WORK INSTRUCTION: This exercise calls for an exact copy of the listing, with no pictures kept.

....................

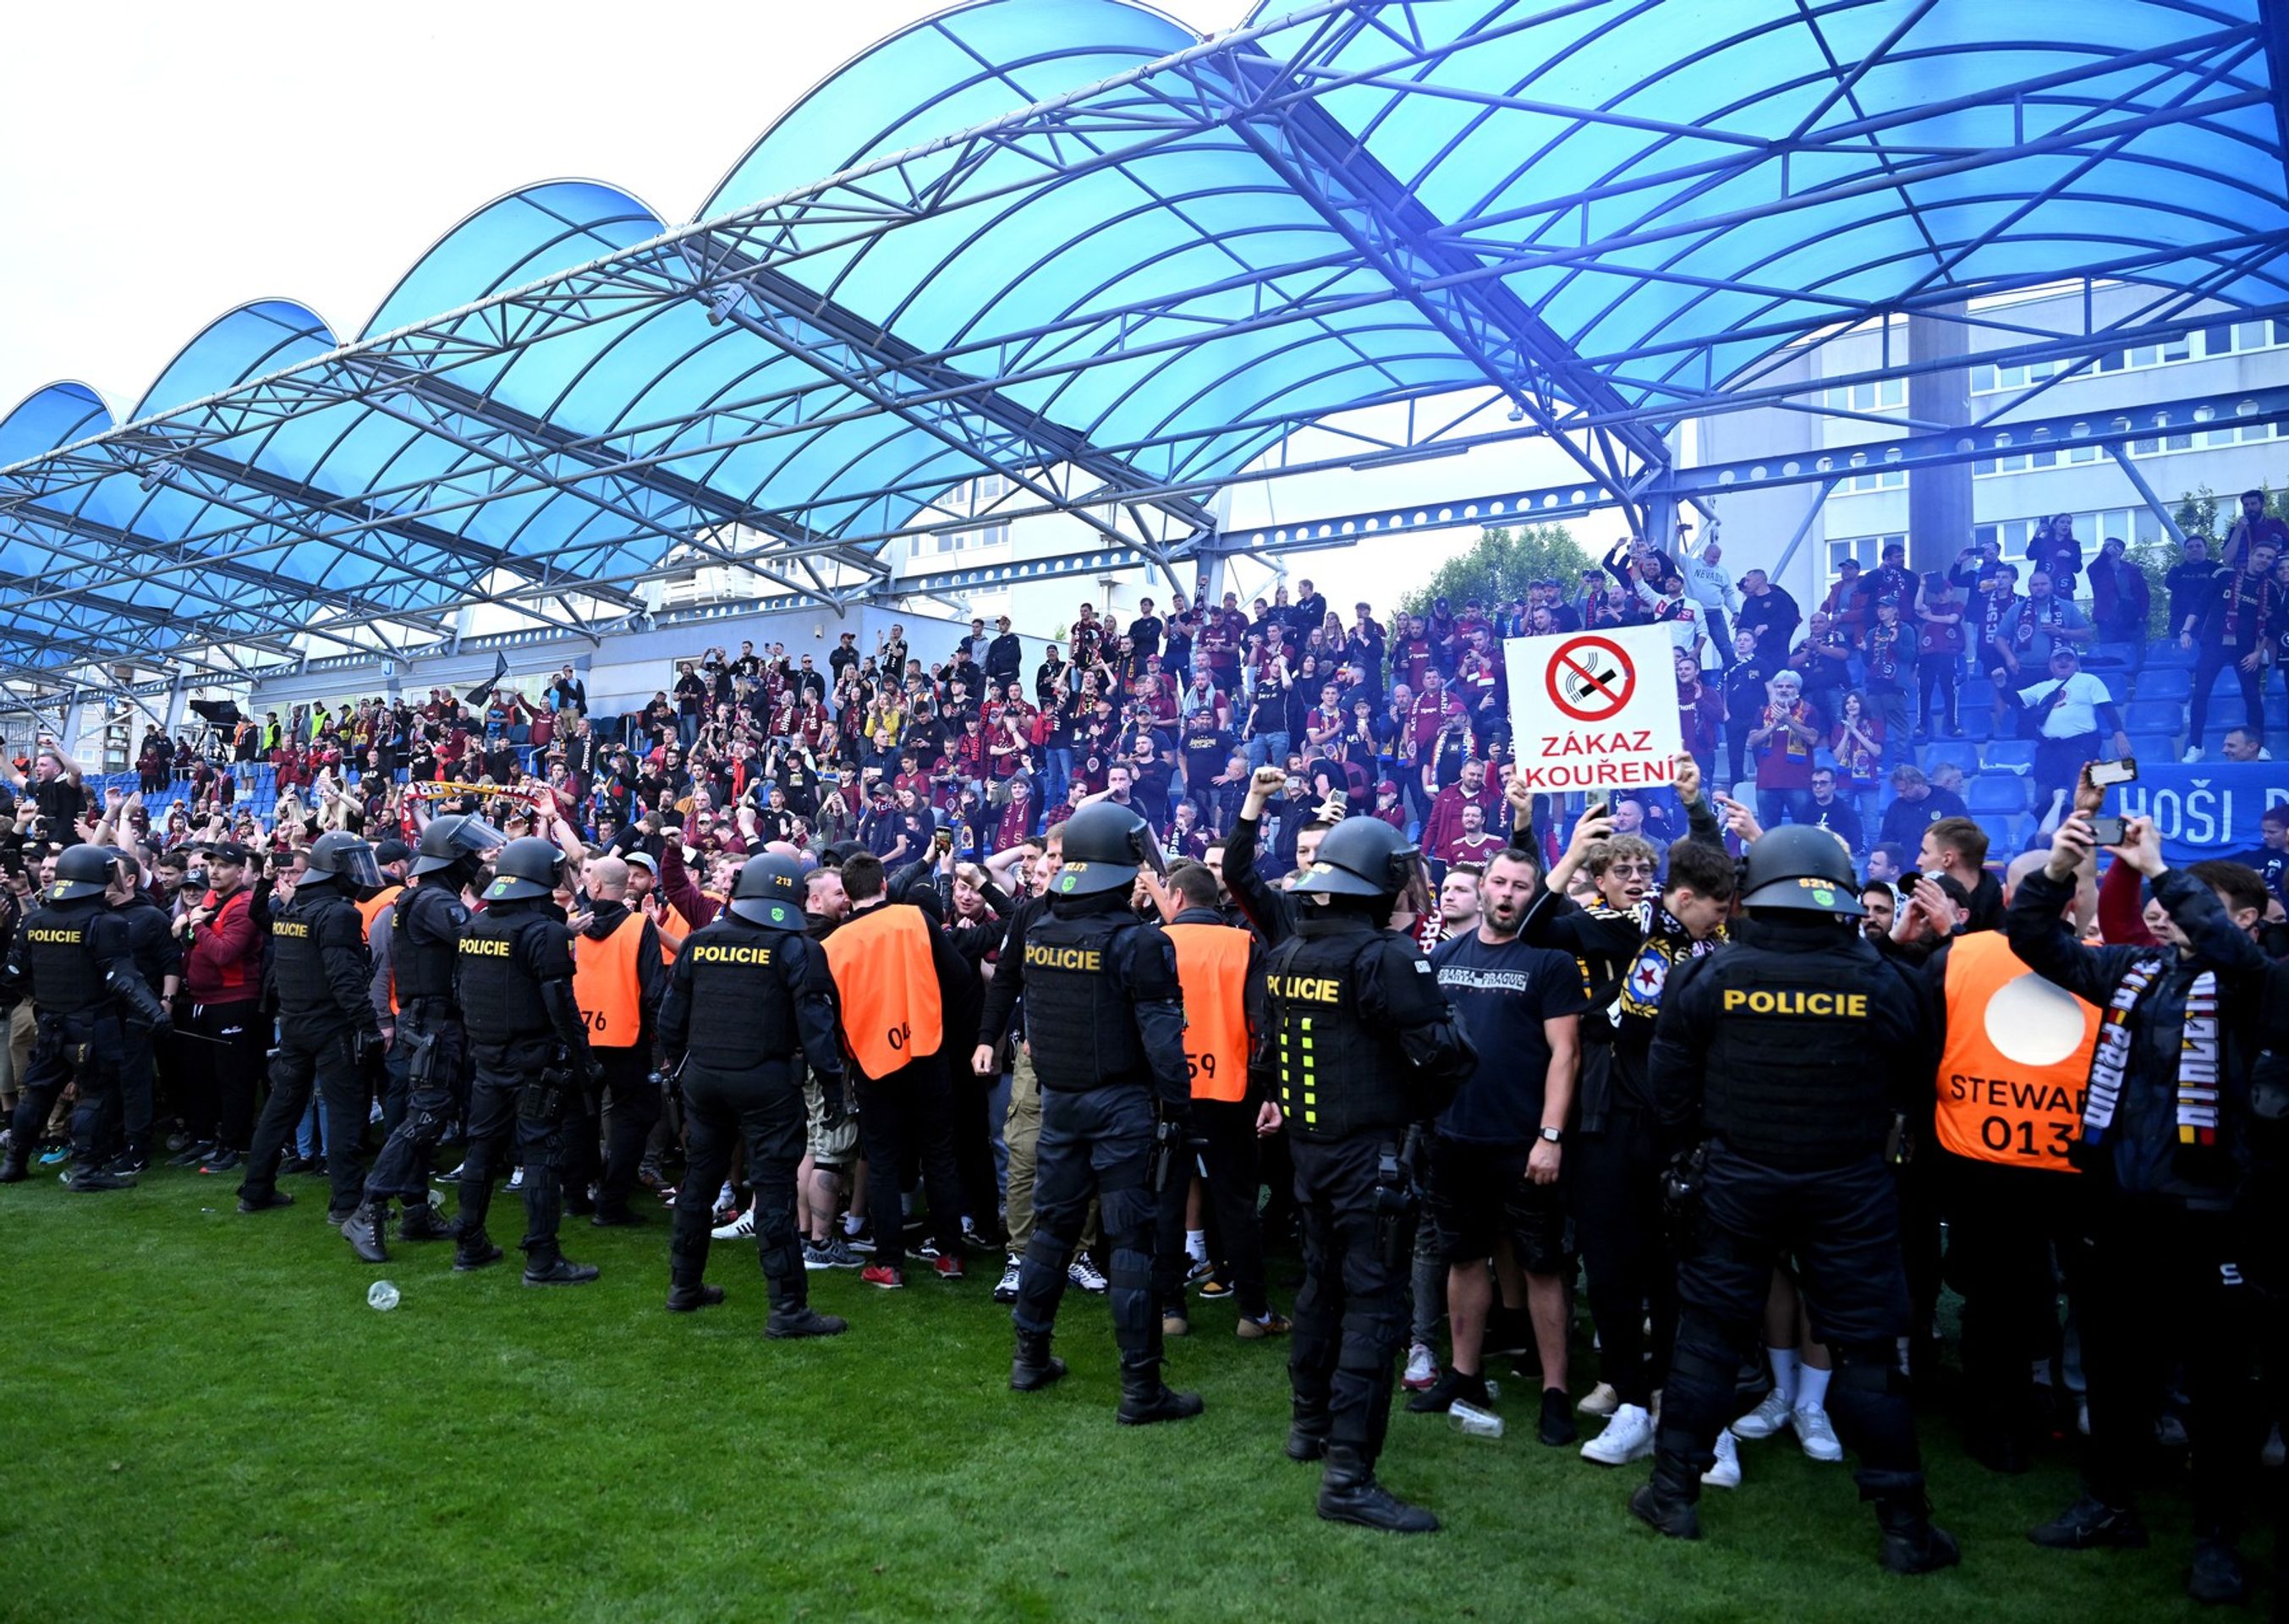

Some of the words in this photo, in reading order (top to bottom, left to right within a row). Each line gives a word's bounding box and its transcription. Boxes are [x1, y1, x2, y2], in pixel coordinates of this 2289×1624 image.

[384, 664, 392, 675] J
[106, 695, 117, 706] K
[1541, 730, 1653, 757] ZÁKAZ
[1525, 754, 1675, 787] KOUŘENÍ
[2119, 779, 2232, 843] HOŠI
[776, 875, 793, 887] 213
[28, 930, 82, 942] POLICIE
[272, 922, 308, 938] POLICIE
[459, 938, 510, 957] POLICIE
[693, 946, 771, 964] POLICIE
[1025, 945, 1100, 969] POLICIE
[1438, 968, 1475, 983] SPARTA
[1483, 973, 1526, 989] PRAGUE
[1724, 989, 1868, 1017] POLICIE
[581, 1011, 607, 1031] 76
[1186, 1053, 1216, 1079] 59
[1982, 1116, 2074, 1158] 013

....................

RESPONSE TO THIS EXERCISE:
Some of the words in this photo, in reading order (top to bottom, left to right within a row). Each line gives a word's bounding box and its transcription. Boxes are [x1, y1, x2, y2], in pixel coordinates of this 2289×1624 image.

[384, 664, 392, 675] J
[106, 695, 117, 706] K
[1541, 730, 1653, 757] ZÁKAZ
[1525, 754, 1675, 787] KOUŘENÍ
[2119, 779, 2232, 843] HOŠI
[776, 875, 793, 887] 213
[28, 930, 82, 942] POLICIE
[272, 922, 308, 938] POLICIE
[459, 938, 510, 957] POLICIE
[693, 946, 771, 964] POLICIE
[1025, 945, 1100, 969] POLICIE
[1438, 968, 1475, 983] SPARTA
[1483, 973, 1526, 989] PRAGUE
[1724, 989, 1868, 1017] POLICIE
[581, 1011, 607, 1031] 76
[1186, 1053, 1216, 1079] 59
[1982, 1116, 2074, 1158] 013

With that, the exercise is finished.